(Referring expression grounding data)
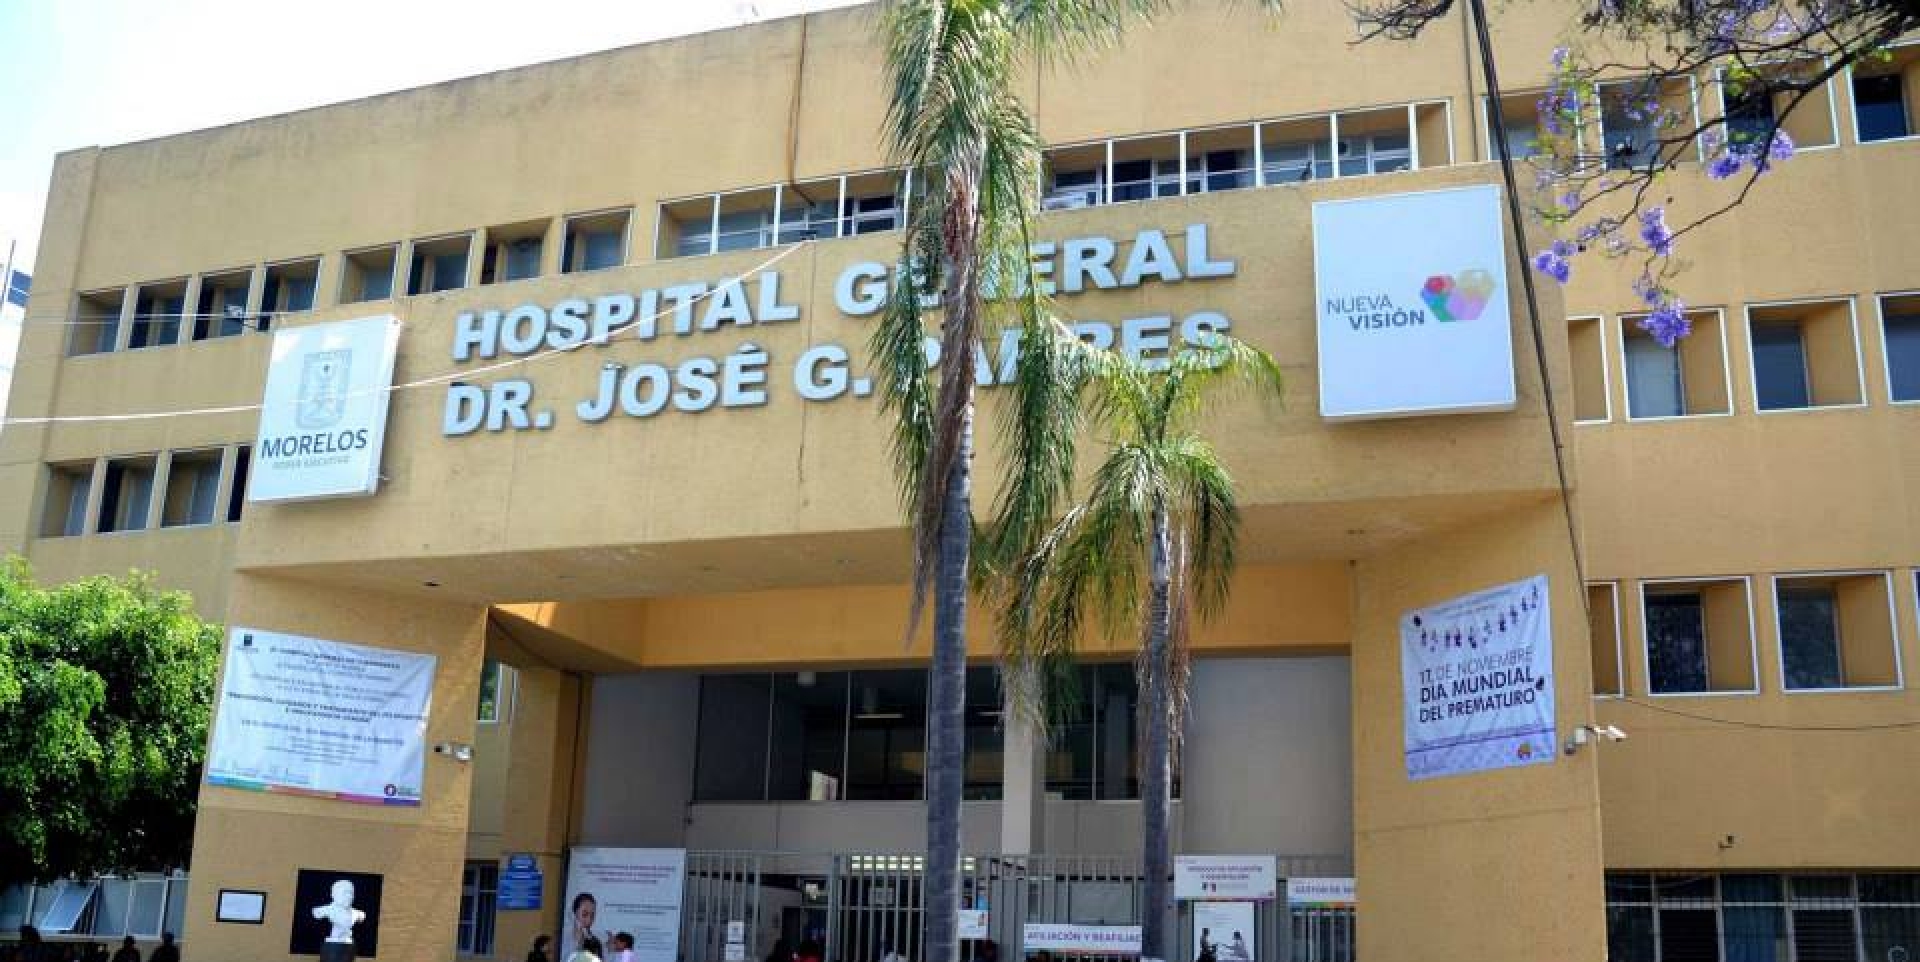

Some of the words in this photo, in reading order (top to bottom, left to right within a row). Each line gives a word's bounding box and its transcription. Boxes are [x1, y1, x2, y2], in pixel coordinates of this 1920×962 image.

[452, 271, 800, 361] HOSPITAL
[1327, 293, 1392, 315] NUEVA
[1348, 307, 1425, 331] VISIÓN
[442, 380, 554, 437] DR.
[576, 342, 769, 423] JOSÉ
[793, 344, 873, 401] G.
[898, 312, 1233, 392] RES
[261, 428, 368, 459] MORELOS
[1436, 664, 1453, 681] DE
[1452, 666, 1535, 697] MUNDIAL
[1419, 707, 1444, 723] DEL
[1447, 687, 1535, 719] PREMATURO

### TASK TO COMPLETE
Every entry above is to be copied verbatim, with the pictures removed.

### RESPONSE BOX
Some of the words in this photo, in reading order (top to bottom, left to right within a row). Each line gives a word's bounding box and its transcription. Boxes are [x1, y1, x2, y2], in pixel coordinates of this 1920×962 image.

[452, 271, 800, 361] HOSPITAL
[1327, 293, 1392, 315] NUEVA
[1348, 307, 1425, 331] VISIÓN
[442, 380, 554, 437] DR.
[576, 342, 769, 423] JOSÉ
[793, 344, 873, 401] G.
[898, 312, 1233, 392] RES
[261, 428, 368, 459] MORELOS
[1436, 664, 1453, 681] DE
[1452, 666, 1535, 697] MUNDIAL
[1419, 707, 1444, 723] DEL
[1447, 687, 1535, 719] PREMATURO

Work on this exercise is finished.